Transitive owl:imports across model ledgers (f:schemaSource recursion)Not yet honored. Imports inside M's schema graph are projected but the resolver doesn't follow them across ledger boundaries.

The other reserved fields and source predicates may land in later releases; the resolver's contract is shared across all of them. See Cross-ledger model enforcement → Scope.

Failure modes

When cross-ledger resolution fails, the request returns HTTP 502 Bad Gateway with a structured JSON body naming the specific failure:

{
  "status": 502,
  "@type": "err:system/CrossLedgerError",
  "error": "model ledger 'org/governance:main' is not present on this instance"
}

The specific failure modes operators see:

VariantTrigger
ModelLedgerMissingThe named model ledger isn't present or is retracted on this instance.
GraphMissingAtTThe model ledger exists but the named graph IRI isn't in its graph registry.
ReservedGraphSelectedThe selector targets #config or #txn-meta on M.
TranslationFailedThe policy graph was read but couldn't be projected to the wire format (typically corruption or a dictionary loss in M).
UnsupportedFeatureA reserved field (f:atT / f:trustPolicy / f:rollbackGuard) was set.
CrossInstanceUnsupportedf:ledger names a ledger on a different instance.
CycleDetectedA model ledger graph transitively references itself.

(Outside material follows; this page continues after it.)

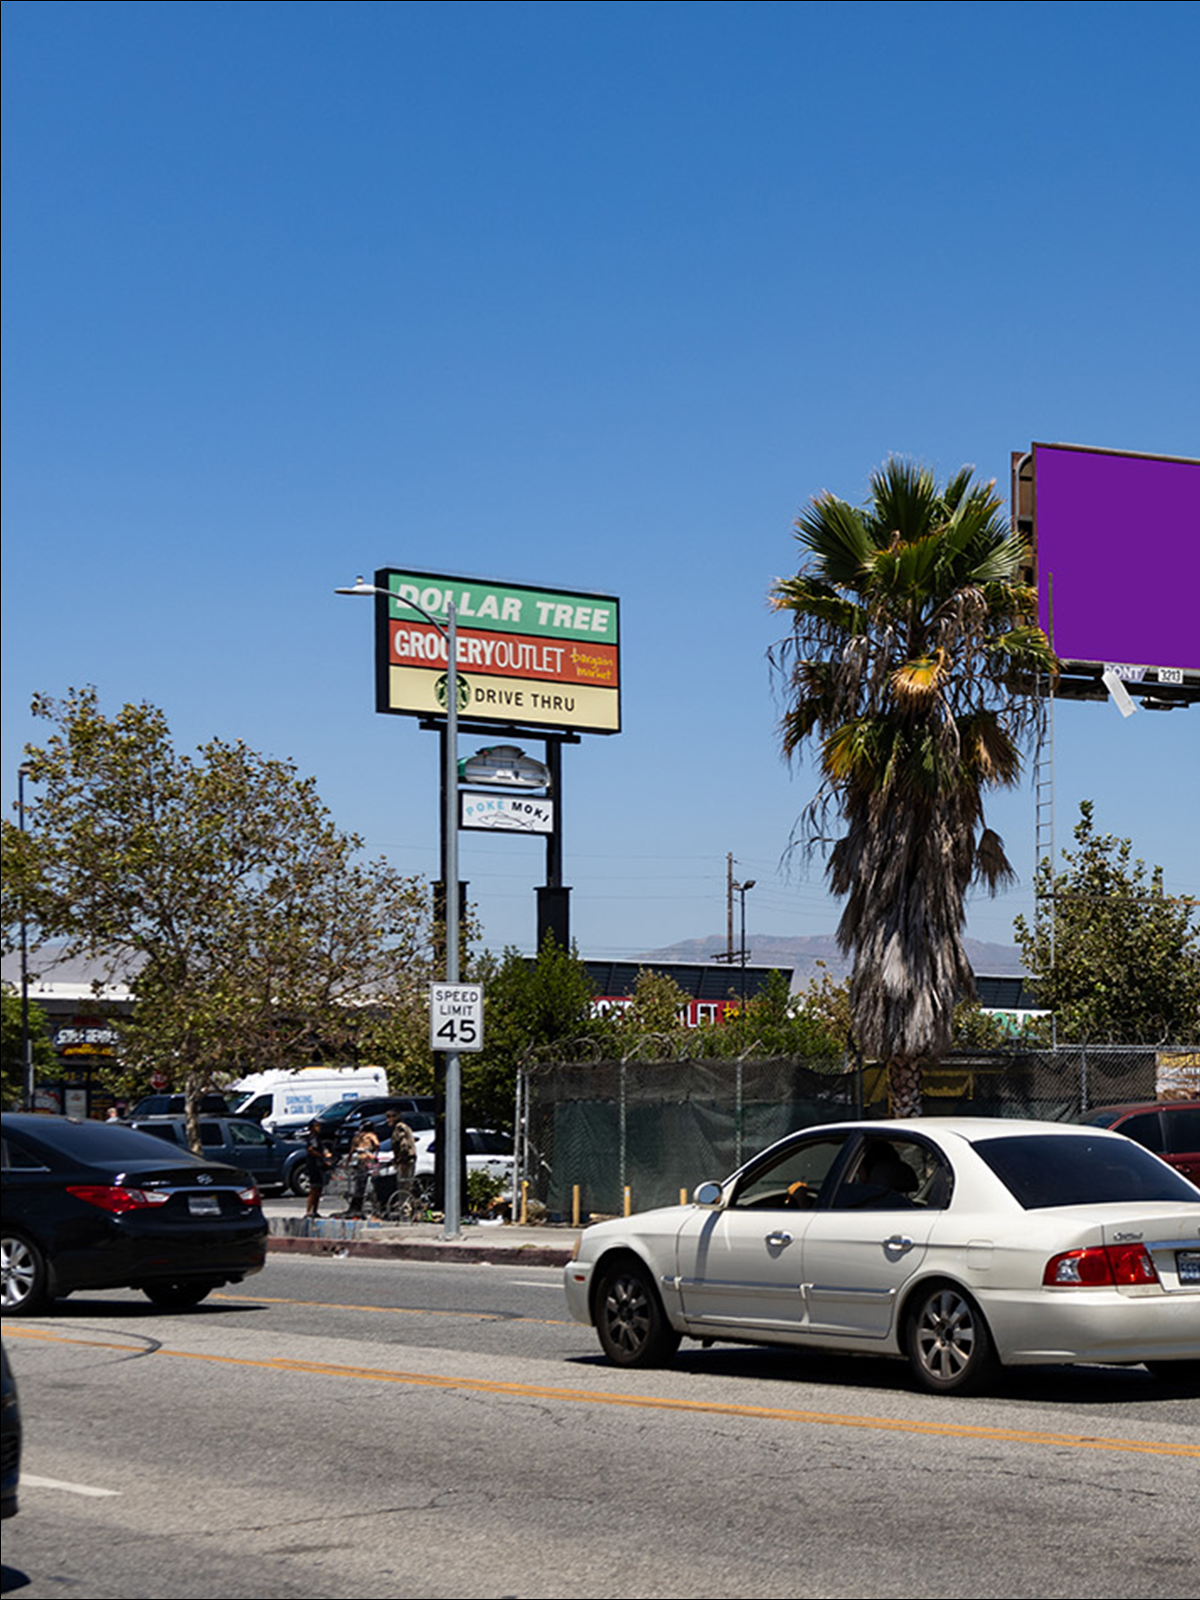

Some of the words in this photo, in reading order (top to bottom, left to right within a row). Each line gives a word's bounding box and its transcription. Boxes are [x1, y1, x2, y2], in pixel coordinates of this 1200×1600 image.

The choice of 502 rather than 500 is deliberate: the data ledger isn't broken — its upstream governance dependency is — and operators distinguishing those two cases in their dashboards matters. The wrapped variant is preserved in the response body so clients can branch on the specific failure.

Behavior on model ledger updates

There is no explicit invalidation channel. The cache key includes the model ledger's resolved_t (its commit head at the time of capture), so new commits to M produce new cache keys automatically. The next request after M advances captures the new head; older entries age out under the cache's LRU/TinyLFU policy.

Within a single request, every cross-ledger reference to the same M reuses one resolved_t value. Policy and any future shapes / schema lookups on the same M can never disagree about which version they're enforcing for that request.

If M is dropped while D references it, the next request against D that needs governance from M fails closed with ModelLedgerMissing. D isn't proactively notified — the failure surface is the next request.